In January 2016 he wrote an article stating Bitcoin was dead.

=== Withdrawal from the societal debate on women in technology ===
In 2015, Wadhwa was criticized publicly by several women in technology for the way in which he was speaking on behalf of women in technology. One example mentioned was that at an event, he had used the slang word "floozies" when referring to technology companies needing to take hiring women more seriously, in the context of his advocacy for tech companies to include higher-ranking women on interview panels for female candidates. Wadhwa responded to the criticism by writing that he had not known what the word "floozy" meant due to his poor grasp of American slang, as an immigrant, that he had apologized at the event as soon as his misstep was pointed out to him, and that he had lost sleep over the ordeal.

The podcast TLDR, which is produced by an NPR affiliate, interviewed one of the critics, Amelia Greenhall, about a post she had recently written, entitled "Quiet, Ladies. @wadhwa is speaking now". Wadhwa published a response, alleging that several false claims were made in the original TLDR episode, and calling it an "unfair attack" on him. TLDR took down their original podcast episode and apologized for not speaking to Wadhwa about it before publication, and expressed regret for not fact-checking it. TLDR's next episode was a follow-up which gave Wadhwa a right of reply. However, Gawker's Jay Hathaway opined that "in the process of defending himself, Vivek Wadhwa ended up confirming much of what TL;DR asserted about his attitude".

On February 23, Wadhwa wrote an article in the Washington Post explaining why he would no longer participate in the debate on women in technology, writing, "I may have made the mistake of fighting the battles of women in technology for too long. And I may have taken the accusations too personally. Today there is a chorus of very powerful, intelligent, voices who are speaking from personal experience.
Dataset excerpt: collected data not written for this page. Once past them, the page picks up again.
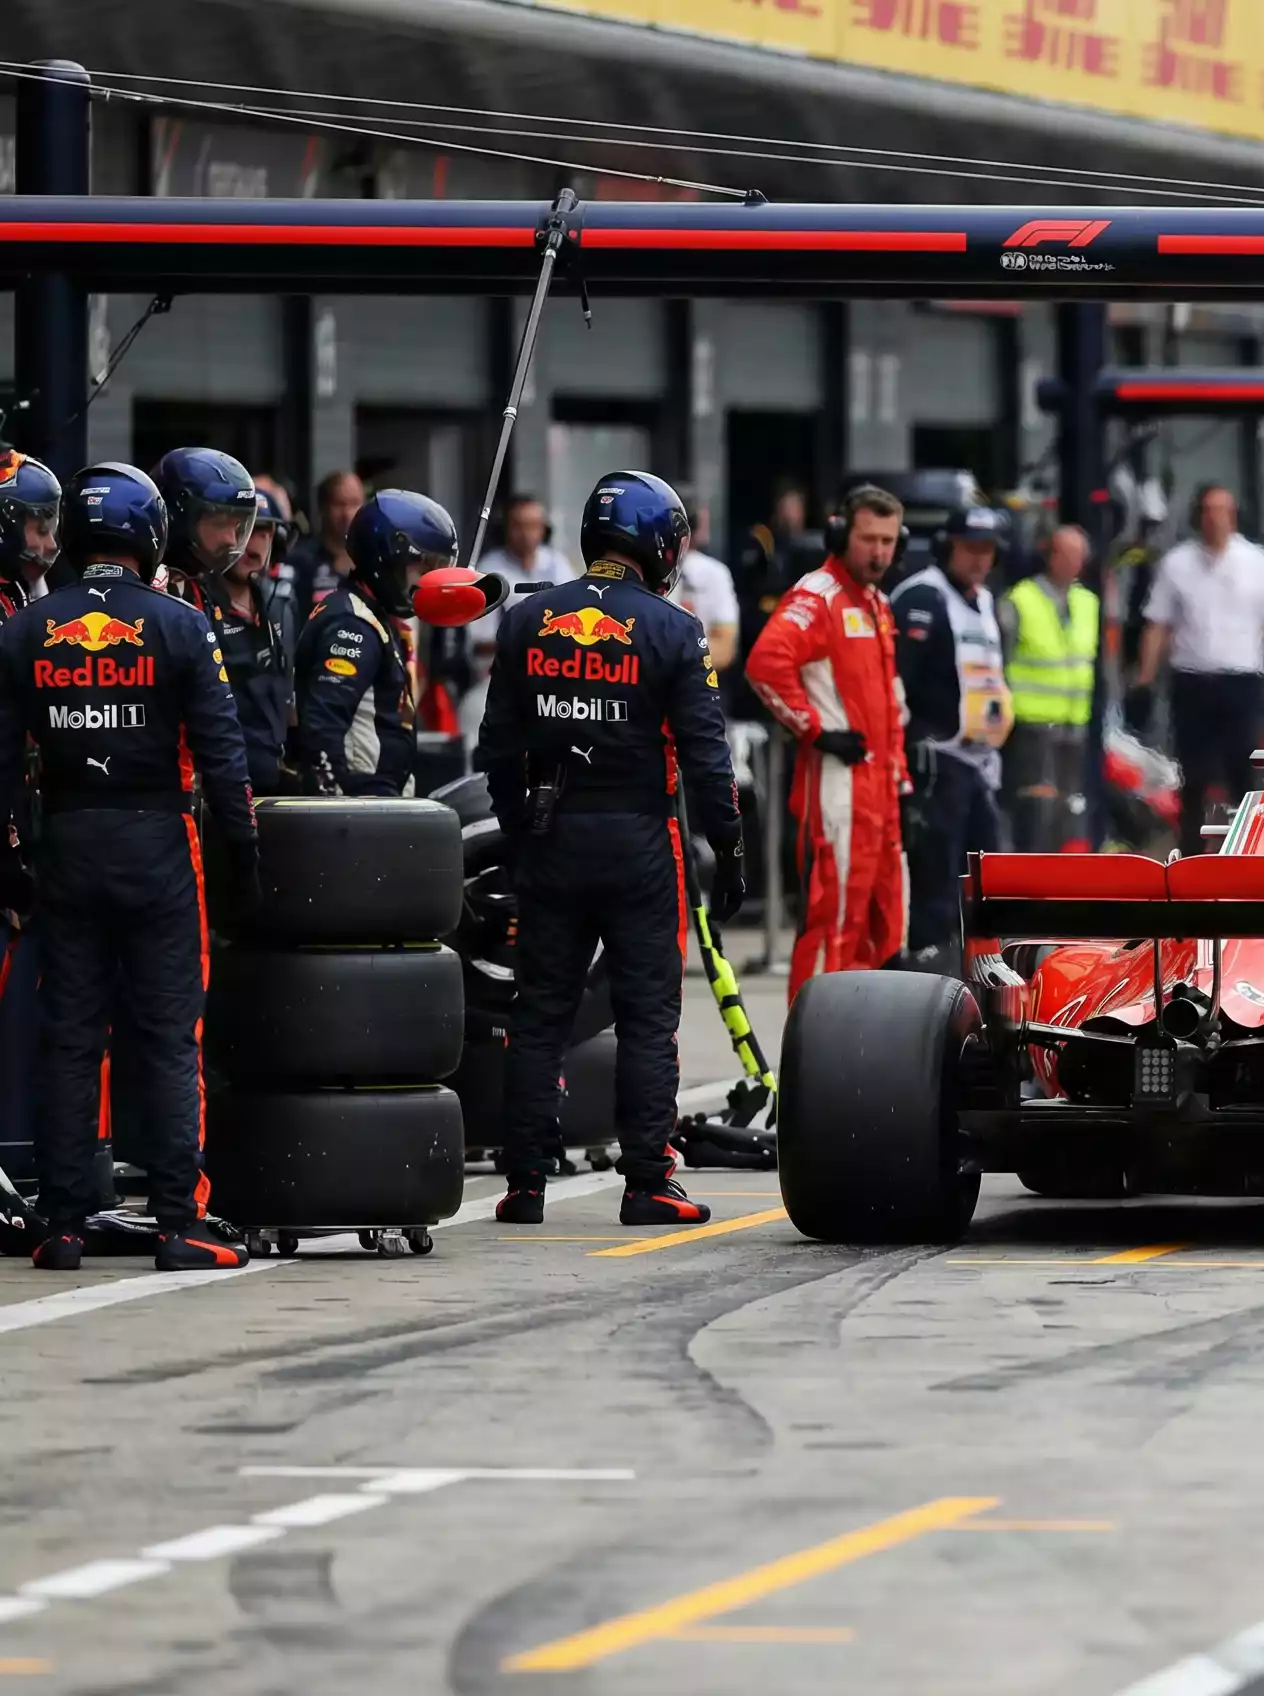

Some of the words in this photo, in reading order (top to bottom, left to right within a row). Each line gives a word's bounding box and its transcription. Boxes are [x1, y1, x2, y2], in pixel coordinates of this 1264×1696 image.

[34, 656, 92, 688] Red
[98, 655, 154, 687] Bull
[527, 648, 582, 679] Red
[585, 651, 639, 685] Bull
[48, 704, 117, 729] Mobil
[537, 694, 602, 721] Mobil
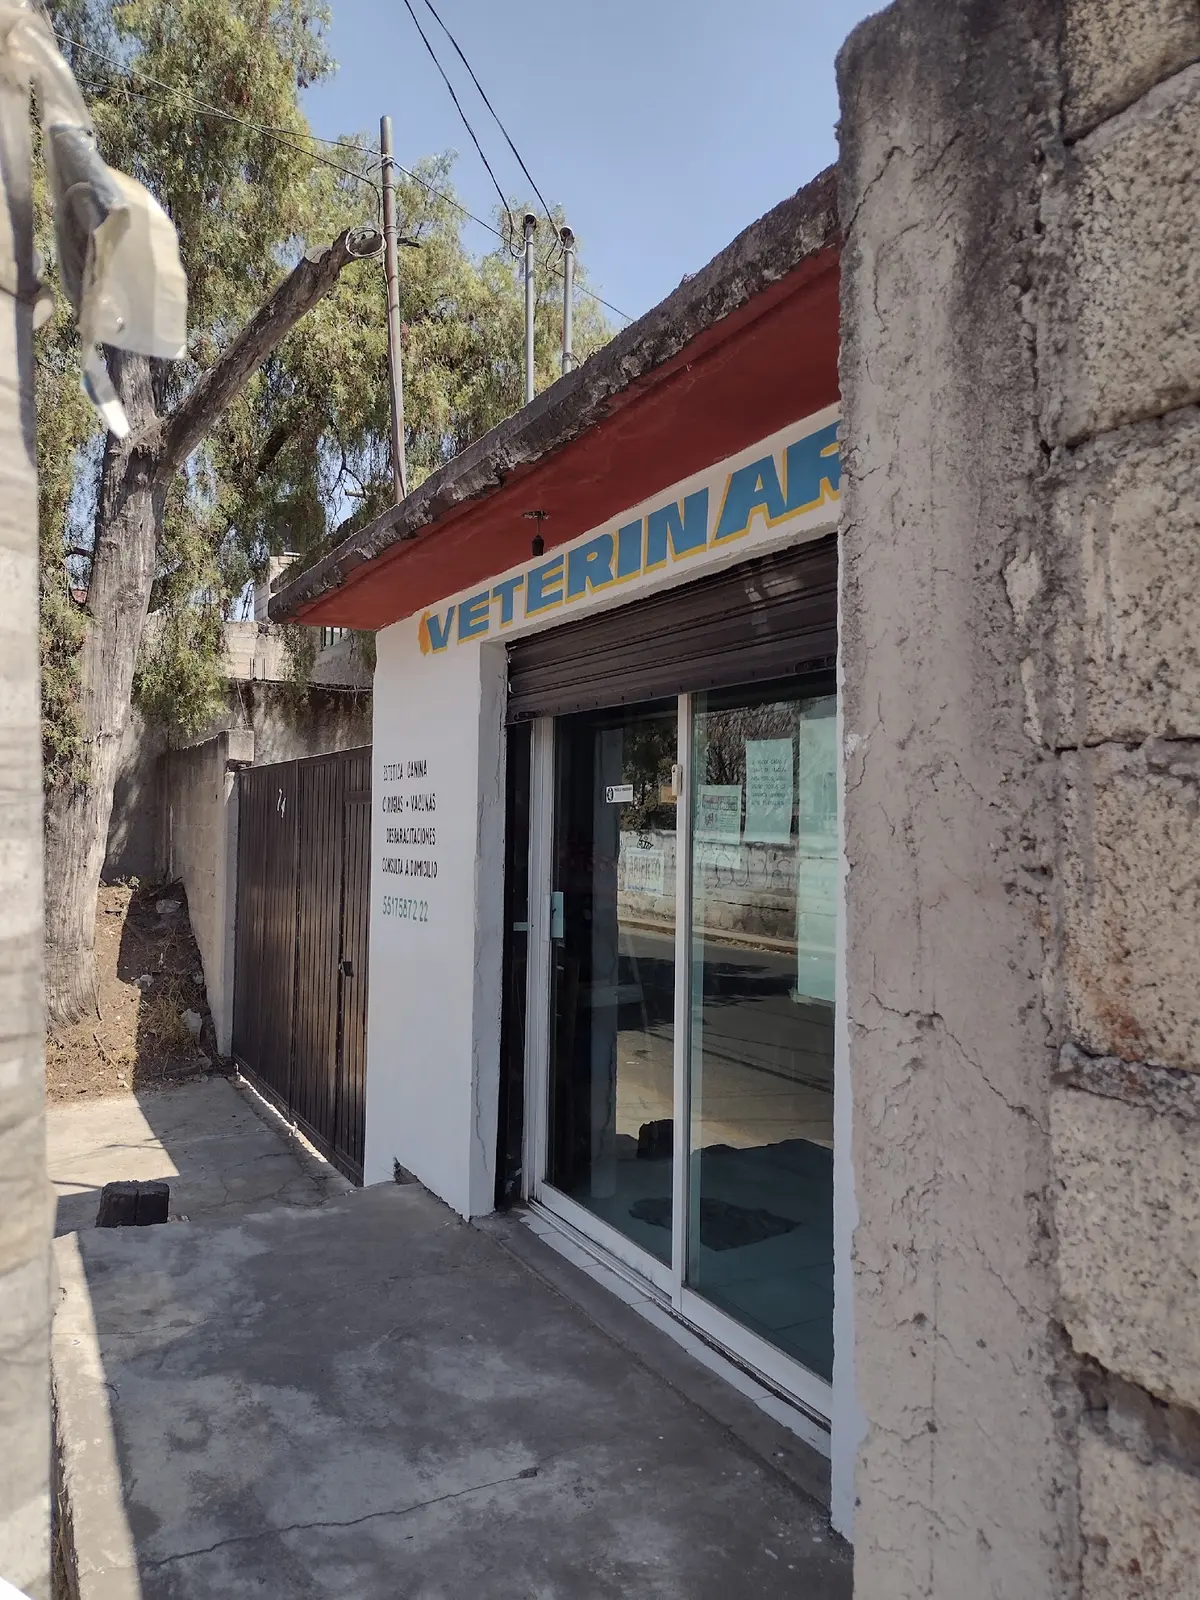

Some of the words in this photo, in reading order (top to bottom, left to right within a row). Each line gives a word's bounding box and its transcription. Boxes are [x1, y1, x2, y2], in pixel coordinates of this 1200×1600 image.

[425, 418, 840, 655] VETERINAR
[407, 759, 428, 779] CANINA
[410, 792, 437, 812] VACUNAS
[382, 857, 404, 876] CONSULTA
[404, 858, 409, 876] A
[410, 860, 438, 879] DOMICILIO
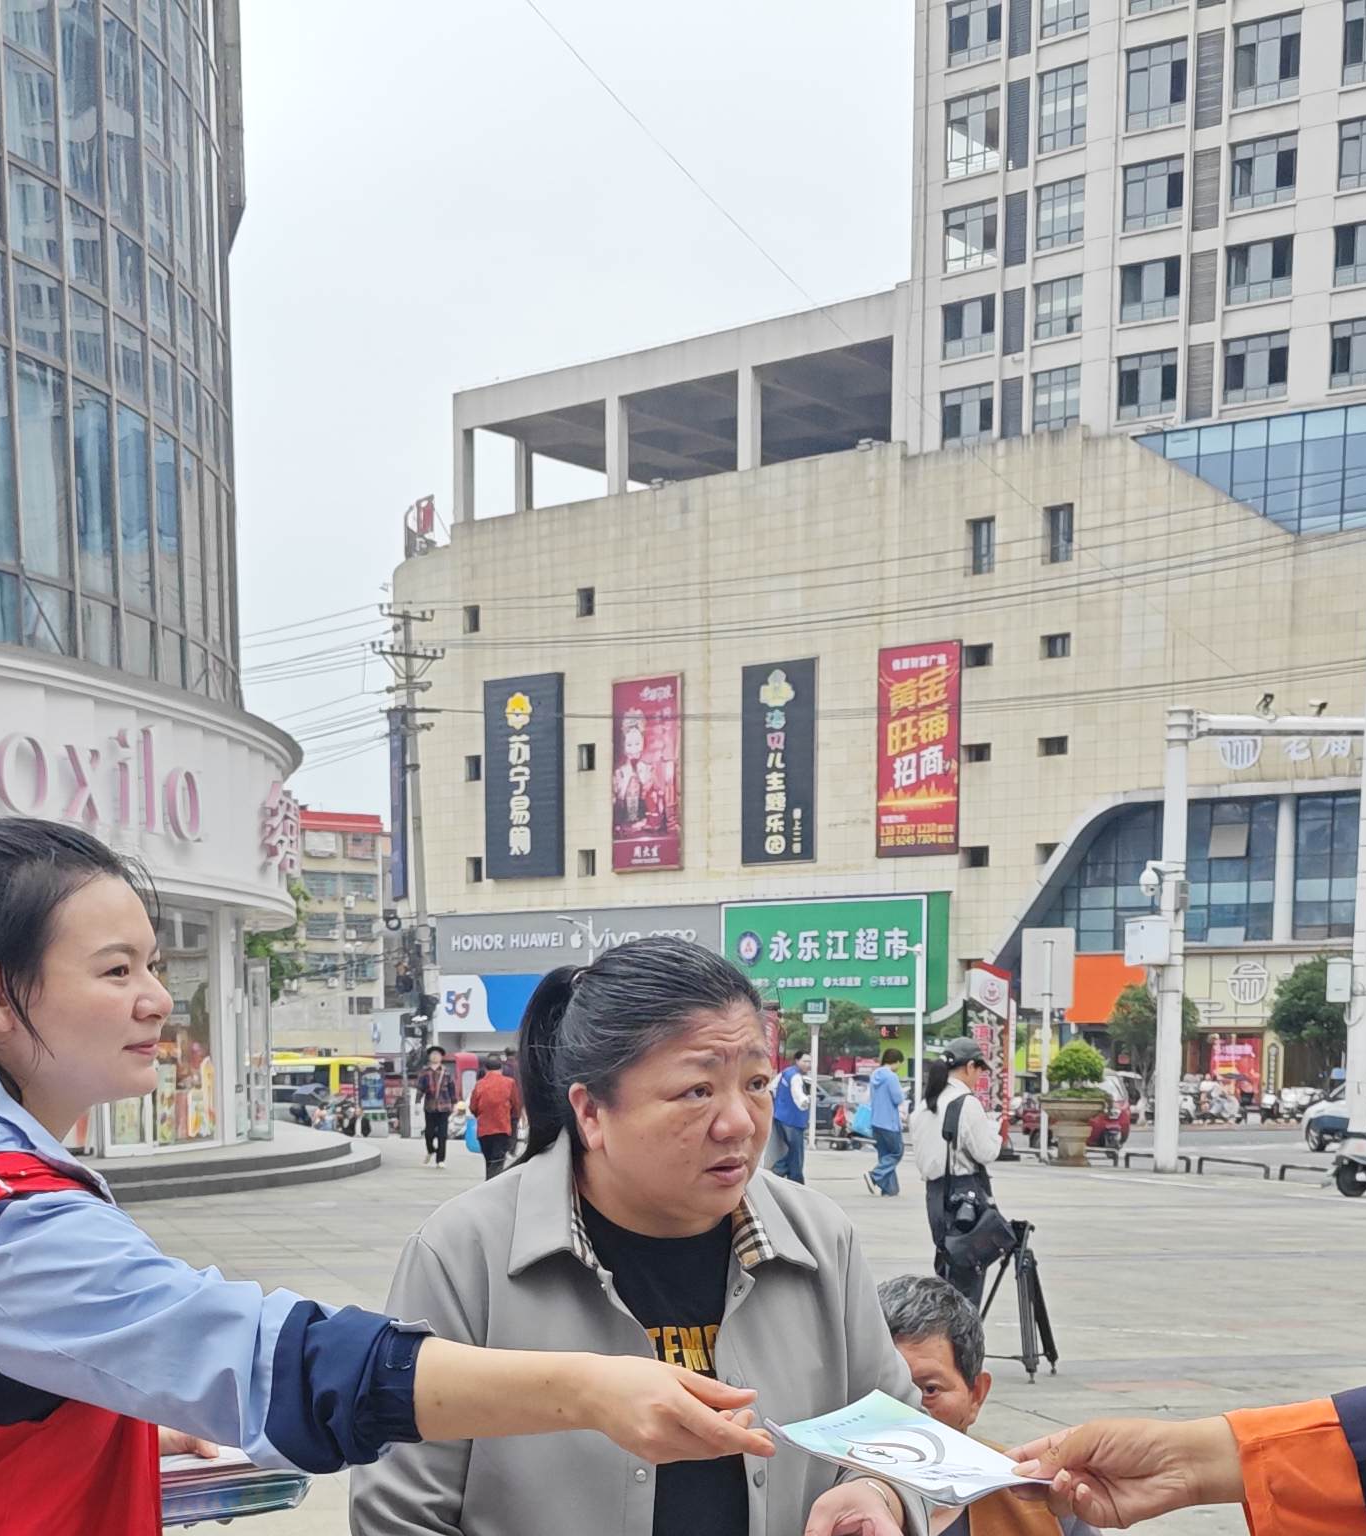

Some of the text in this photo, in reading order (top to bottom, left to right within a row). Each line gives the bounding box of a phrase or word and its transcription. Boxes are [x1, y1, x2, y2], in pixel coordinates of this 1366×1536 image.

[890, 665, 951, 716] 黄金
[887, 704, 952, 756] 旺铺
[893, 744, 944, 789] 招商
[508, 733, 532, 856] 苏宁易购
[450, 934, 504, 951] HONOR
[509, 931, 564, 949] HUAWEI
[769, 927, 910, 962] 永乐江超市
The women who I have written about, who have lived the discrimination and abuse, as well as others, deserve the air time." The New York Times columnist Farhad Manjoo wrote a subsequent article entitled "An Outspoken Voice for Women in Tech, Foiled by His Tone" which summarized the imbroglio, and quoted Wadhwa and a number of women in technology in relation to it.

== Awards and honors ==

In 1999, Wadhwa was named a "leader of tomorrow" by Forbes magazine.

In February 2012, Wadhwa was one of the six "2012 Outstanding American by Choice" recipients, a distinction awarded by the United States Citizenship and Immigration Services.

In December 2012, Wadhwa was recognized by Foreign Policy magazine as a Top 100 Global Thinker.

In June 2013, Wadhwa was named to Time magazine's list of the Top 40 Most Influential Minds in Tech.

In September 2015, Financial Times named Wadhwa one of top ten men worth emulating in his support of women.

In May 2018, Silicon Valley Forum awarded Wadhwa its Visionary Award.